__Provided data__:
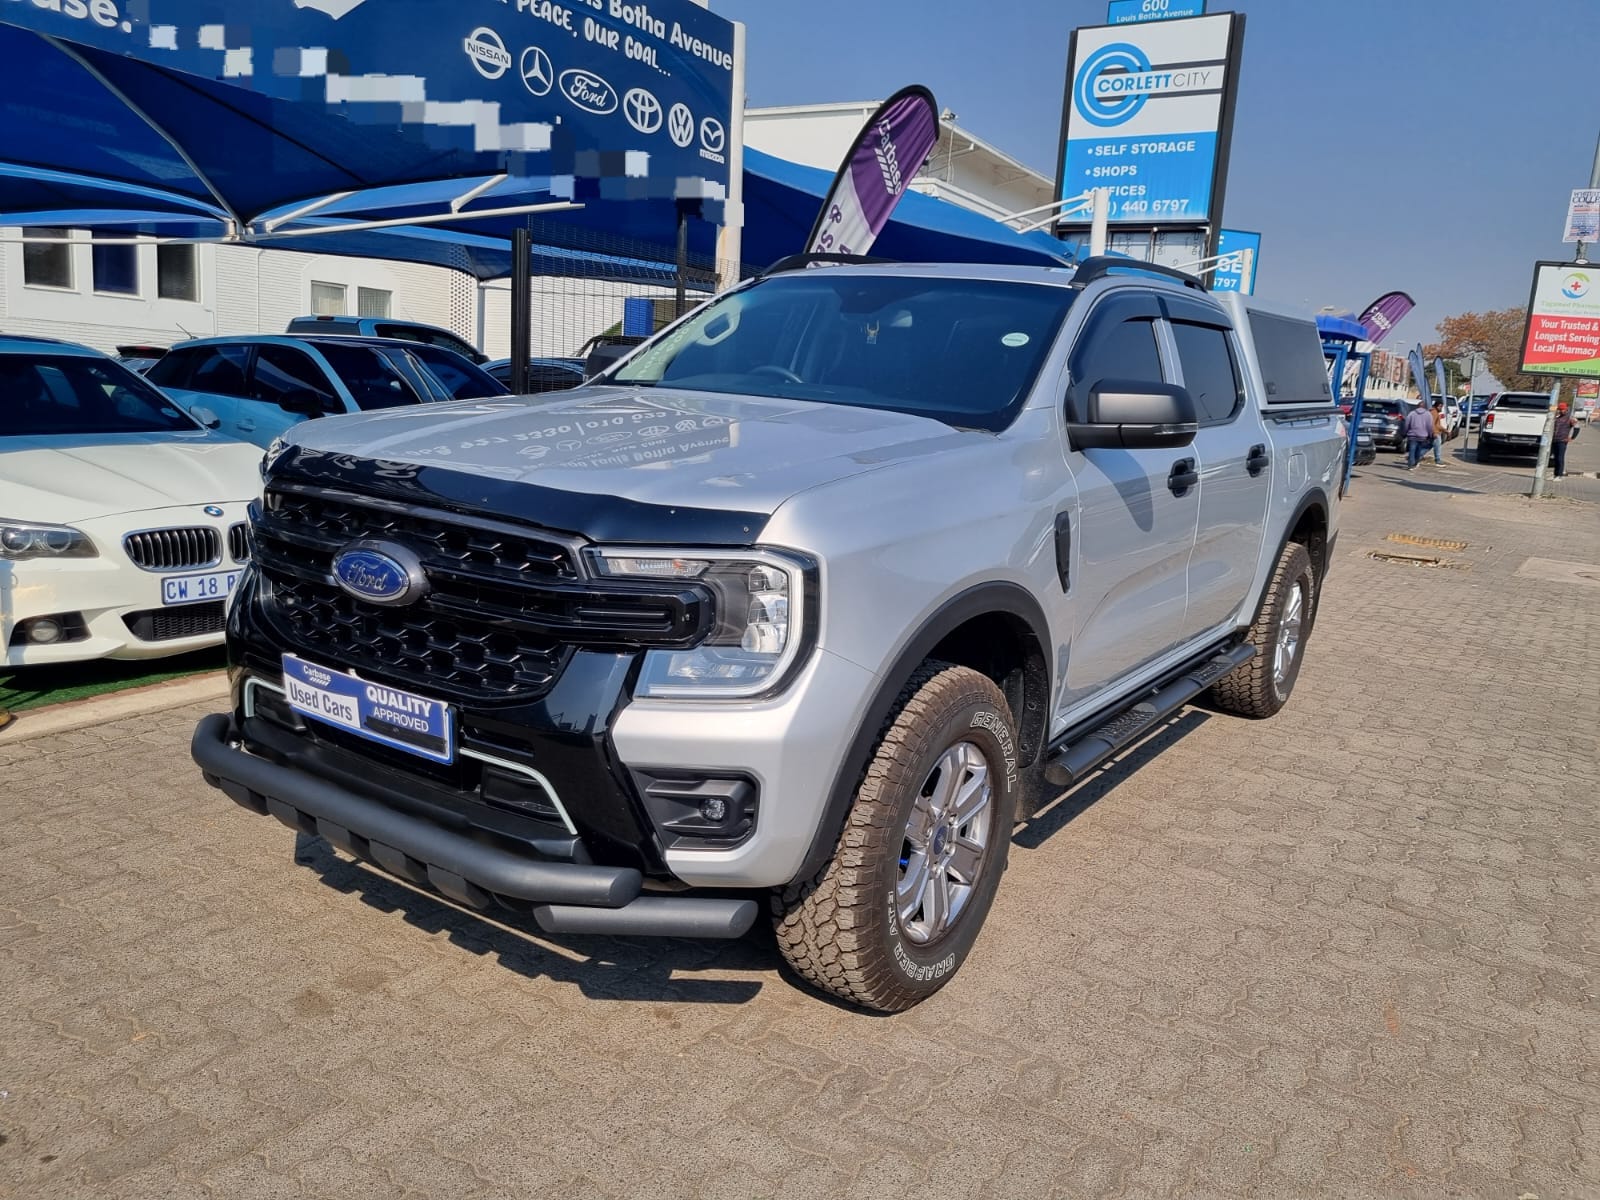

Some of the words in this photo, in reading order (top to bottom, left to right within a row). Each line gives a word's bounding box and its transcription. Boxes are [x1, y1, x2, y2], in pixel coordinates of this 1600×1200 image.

[1116, 14, 1136, 23] Louis
[1138, 12, 1161, 20] Botha
[1163, 9, 1194, 18] Avenue
[1142, 0, 1169, 12] 600
[466, 40, 510, 66] NISSAN
[670, 22, 732, 70] Avenue
[570, 74, 607, 108] Ford
[1094, 143, 1127, 156] SELF
[1131, 140, 1196, 155] STORAGE
[1092, 165, 1137, 176] SHOPS
[1121, 200, 1148, 211] 440
[1152, 199, 1189, 212] 6797
[1541, 319, 1558, 329] Your
[1560, 320, 1591, 331] Trusted
[1591, 322, 1599, 331] &
[1533, 342, 1555, 353] Local
[1556, 344, 1597, 357] Pharmacy
[1535, 331, 1567, 342] Longest
[1569, 333, 1600, 345] Serving
[346, 559, 389, 592] Ford
[166, 581, 188, 600] CW
[198, 577, 218, 597] 18
[303, 665, 331, 682] Carbase
[289, 682, 319, 712] Used
[322, 694, 353, 722] Cars
[366, 686, 431, 717] QUALITY
[373, 706, 429, 732] APPROVED
[970, 711, 1018, 792] GENERAL
[894, 942, 955, 981] GRABBER
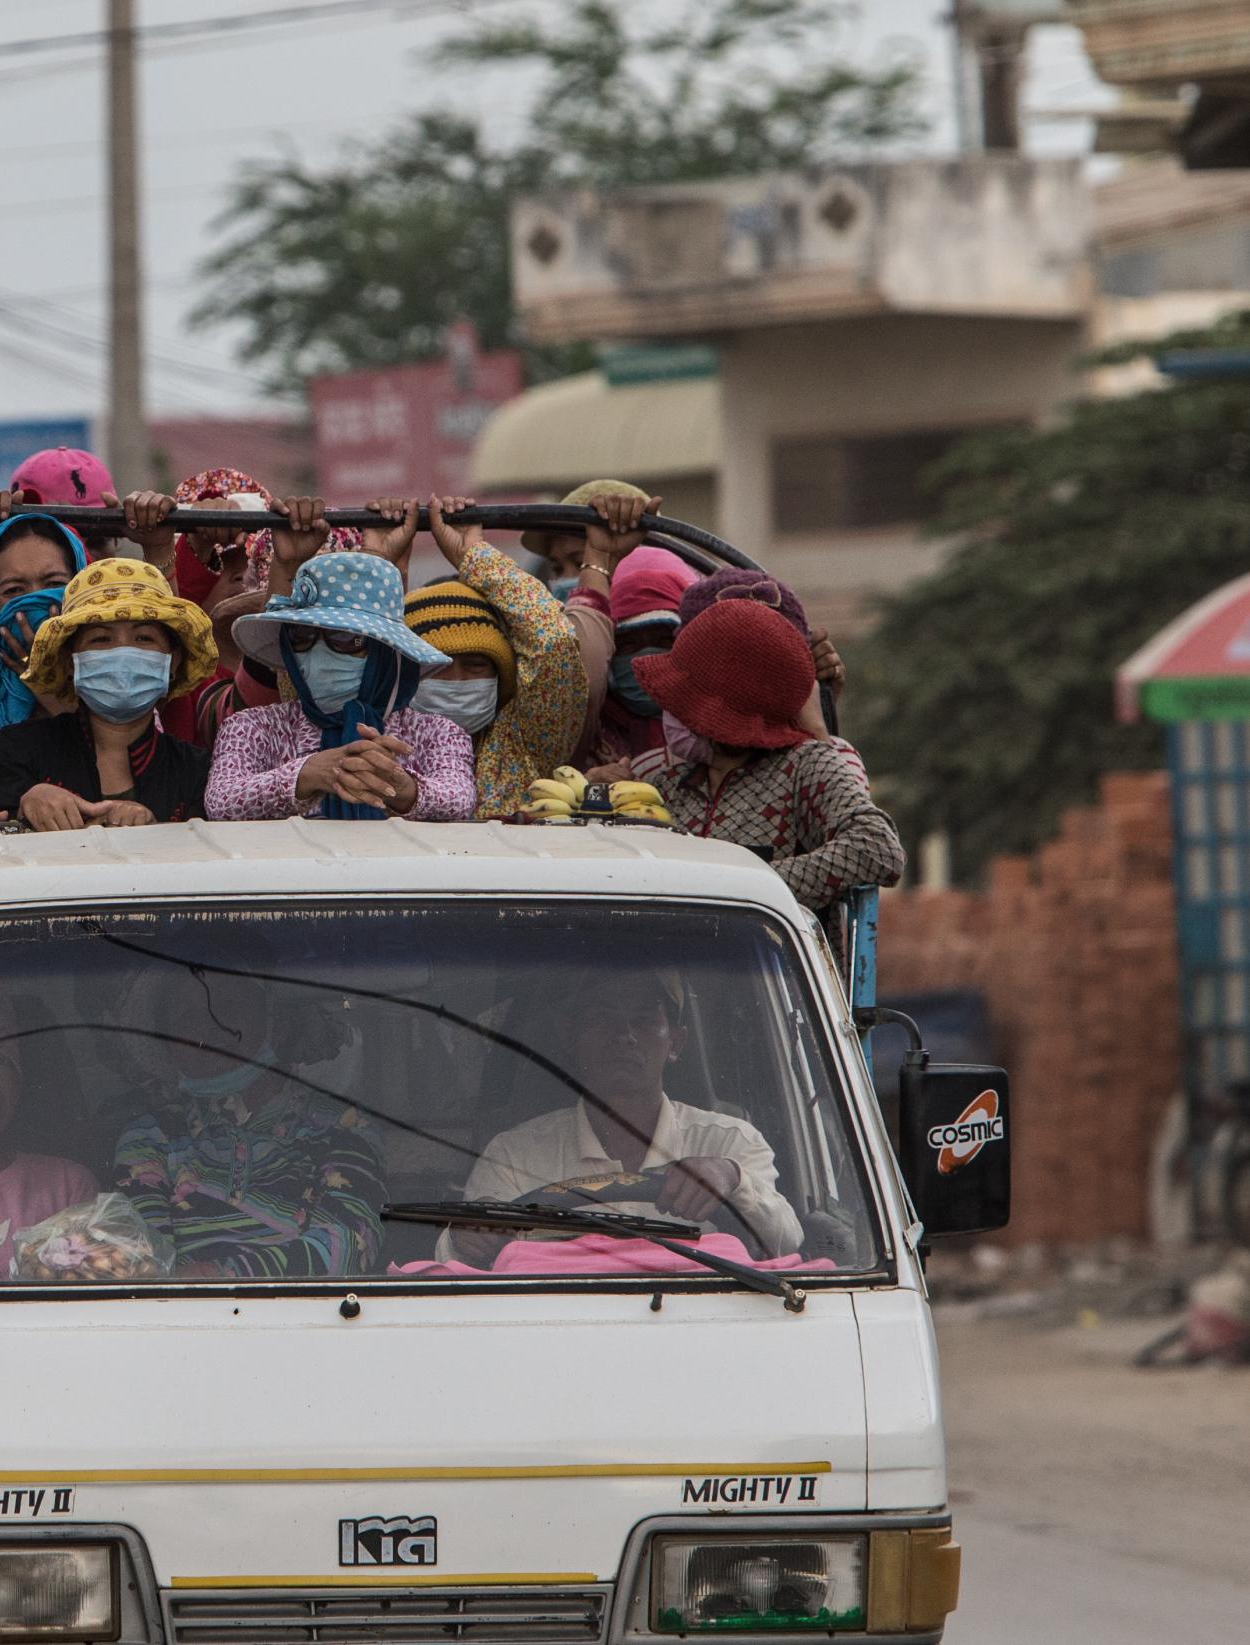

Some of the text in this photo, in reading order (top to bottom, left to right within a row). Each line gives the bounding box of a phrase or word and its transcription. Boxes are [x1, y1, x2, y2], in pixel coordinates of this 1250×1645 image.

[929, 1118, 1002, 1147] COSMIC
[50, 1488, 73, 1513] II
[681, 1476, 818, 1505] MIGHTY II
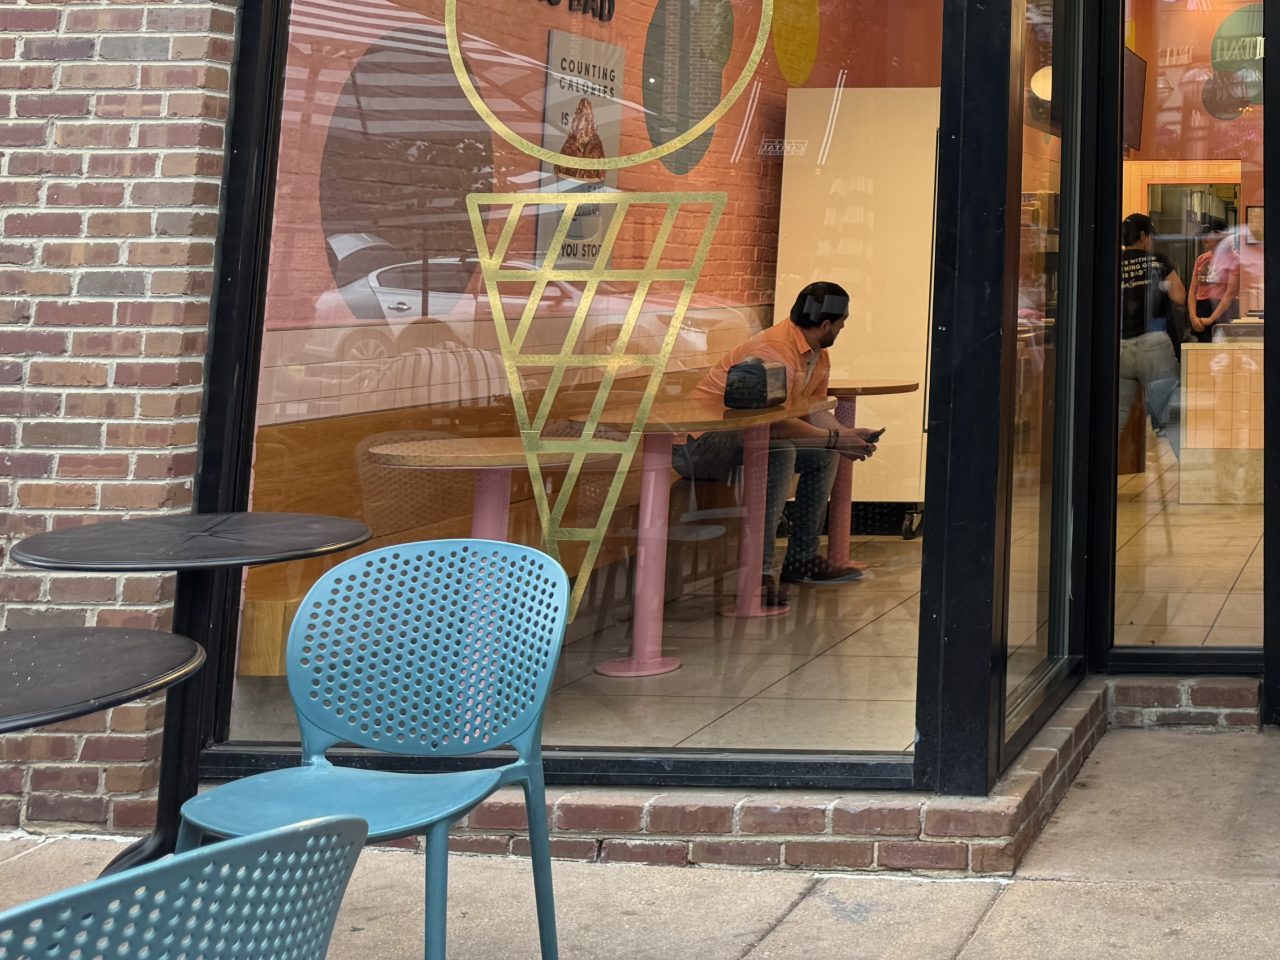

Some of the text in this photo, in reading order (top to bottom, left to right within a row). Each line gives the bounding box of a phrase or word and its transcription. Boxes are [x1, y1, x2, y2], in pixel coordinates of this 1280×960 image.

[561, 57, 616, 82] COUNTING
[559, 76, 615, 98] CALORIES
[561, 112, 569, 126] IS
[561, 243, 578, 257] YOU
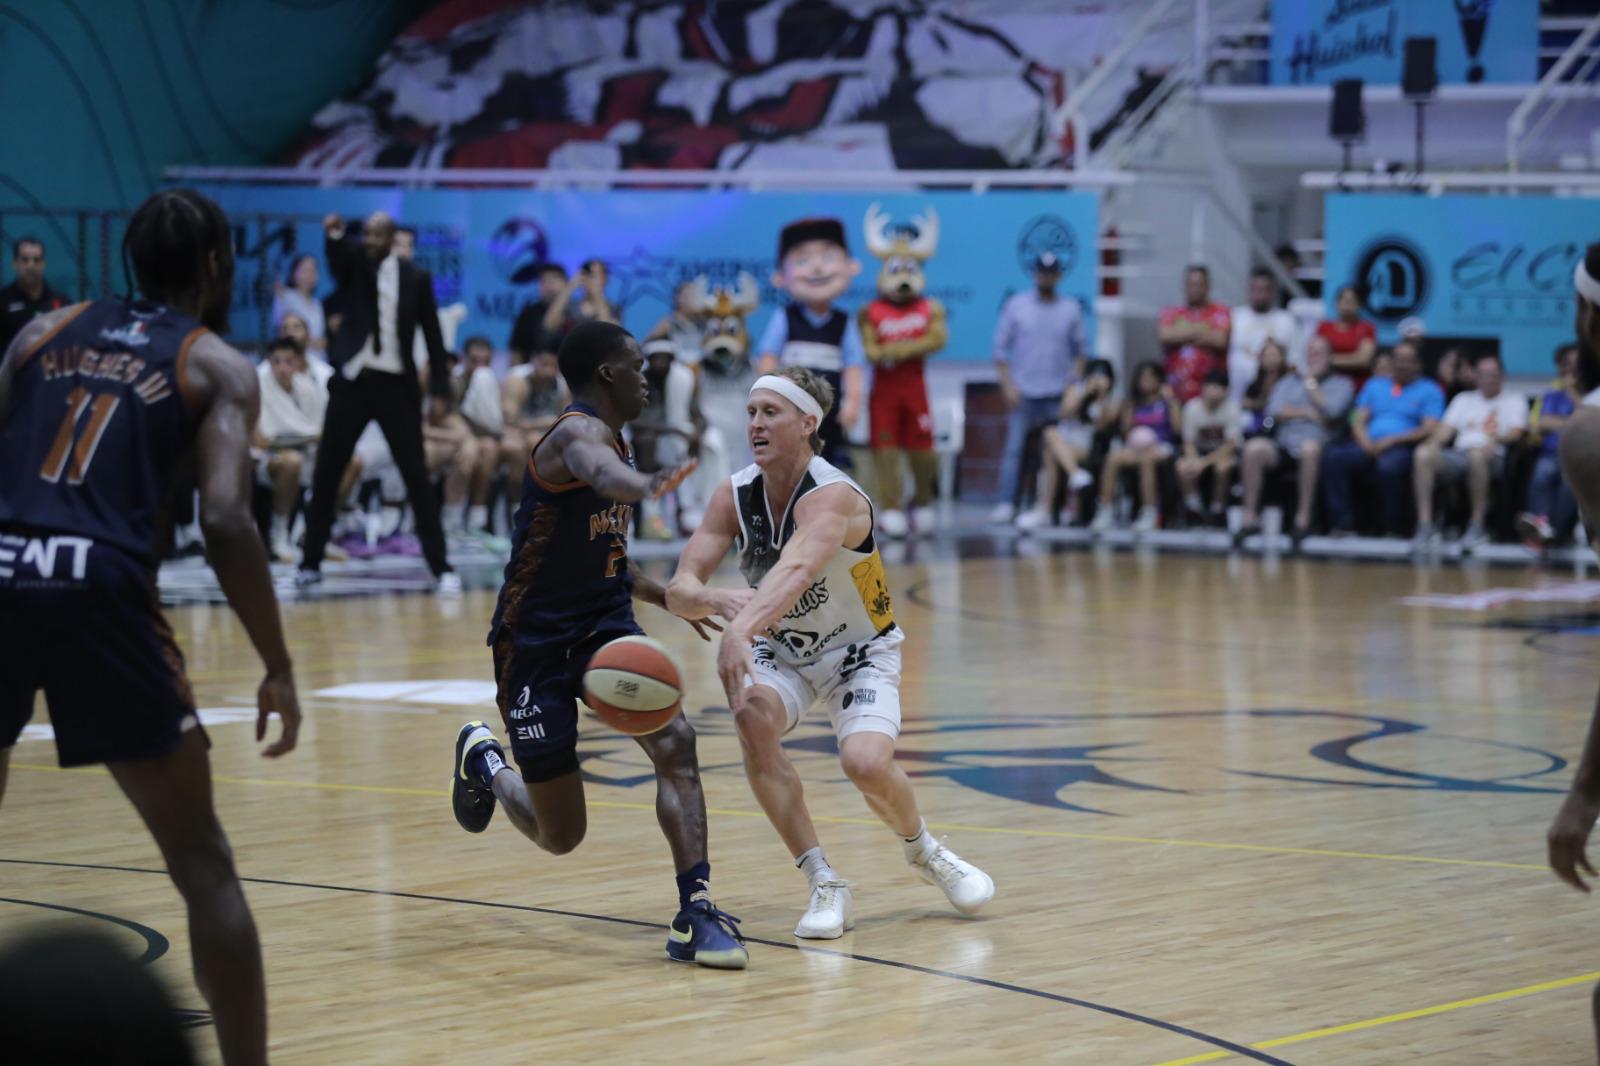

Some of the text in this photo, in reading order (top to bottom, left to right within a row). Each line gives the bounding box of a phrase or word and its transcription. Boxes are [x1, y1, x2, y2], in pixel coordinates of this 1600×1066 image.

[41, 349, 146, 384] HUGHES
[40, 387, 120, 485] 11
[510, 704, 542, 720] MEGA
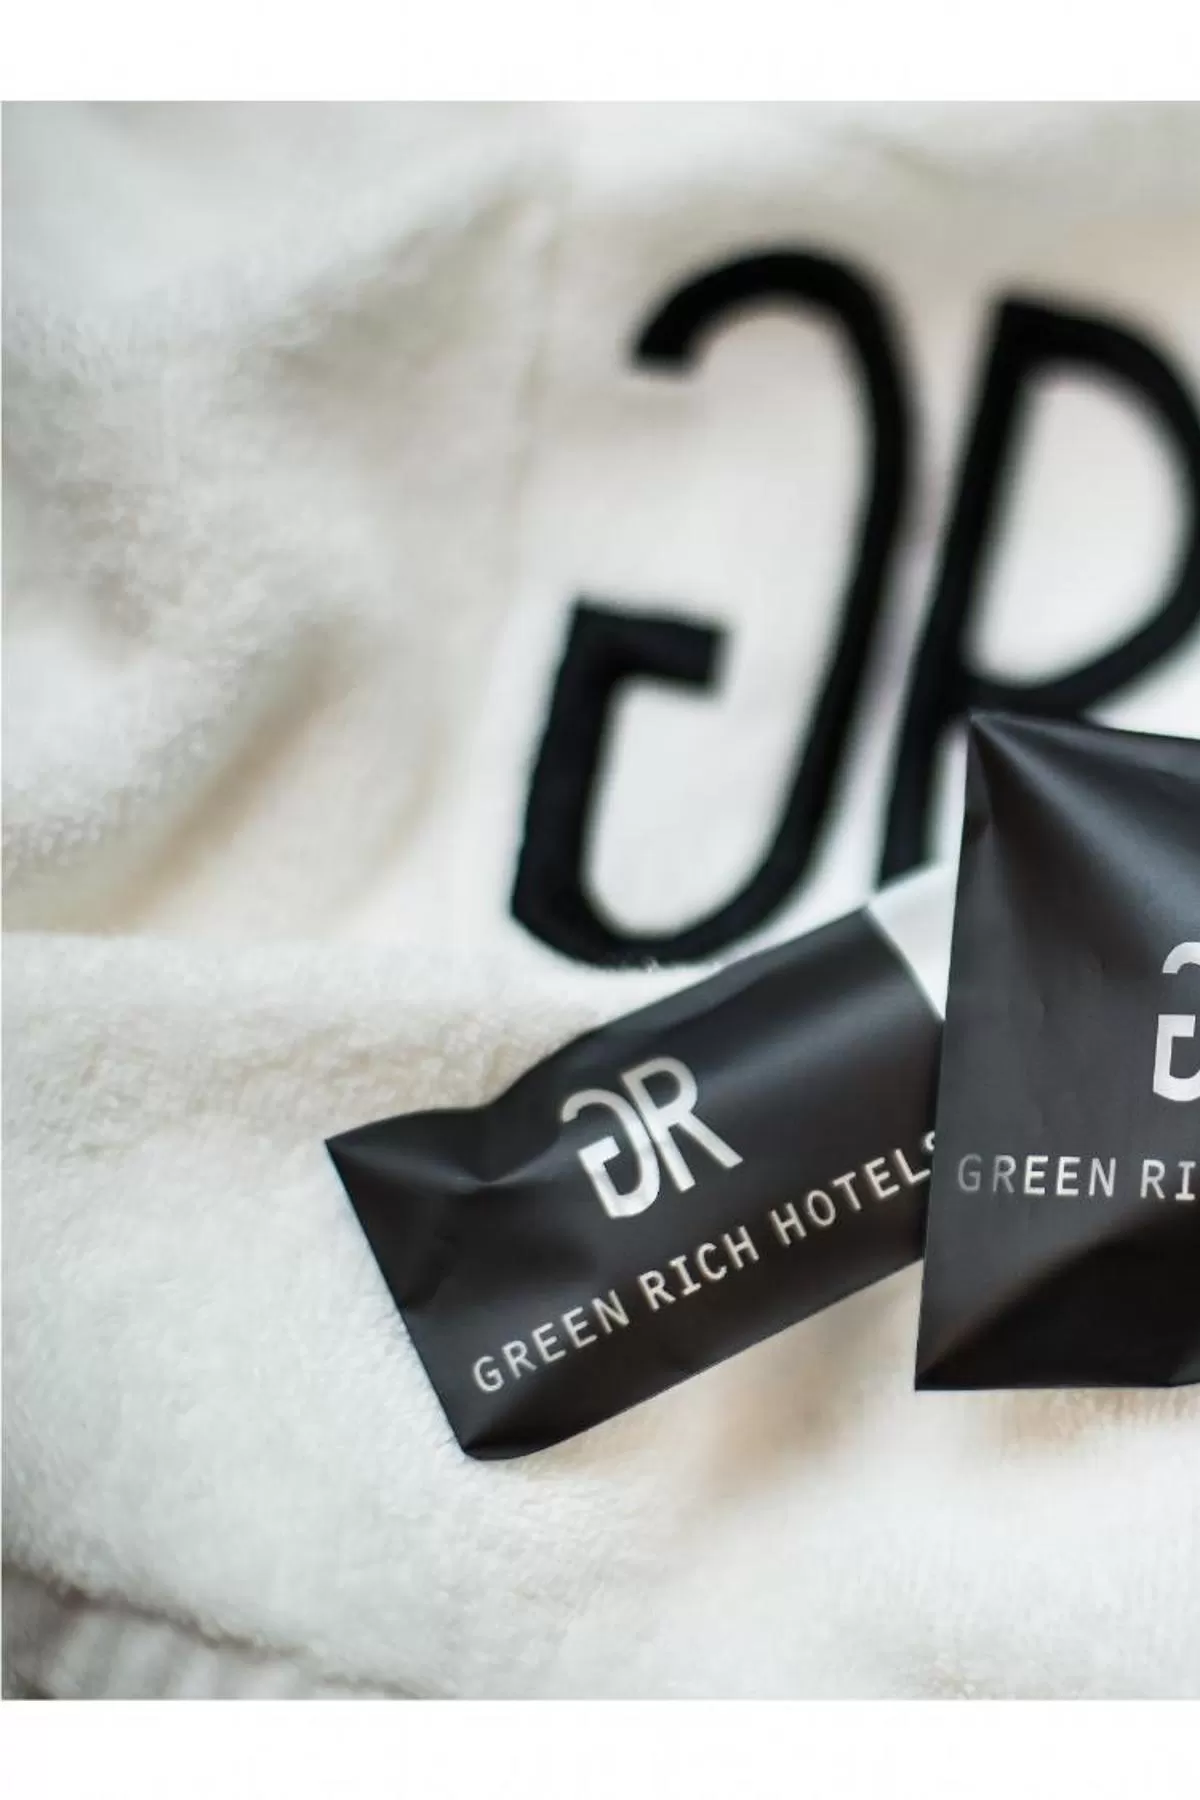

__Exercise requirements__: Please write out the lines from the one that holds "this 1280×960 image." through the end of the material, both ends included, exactly and with no pictures.

__Answer to this exercise__:
Some of the text in this photo, in reading order (top to bottom, left to right within a row). Each line gives the bounding box of a phrase or word and its transcription. Boxes are [x1, y1, x2, y2], in pixel coordinates of this 1280×960 image.

[561, 57, 616, 82] COUNTING
[559, 76, 615, 98] CALORIES
[561, 112, 569, 126] IS
[561, 243, 578, 257] YOU

Some of the text in this photo, in reading order (top to bottom, left to right within a row). Each line gives the bounding box of a phrase or word and its transcription. Boxes are [x1, y1, x2, y2], in pixel coordinates of this 1600×1066 image.

[41, 349, 146, 384] HUGHES
[40, 387, 120, 485] 11
[510, 704, 542, 720] MEGA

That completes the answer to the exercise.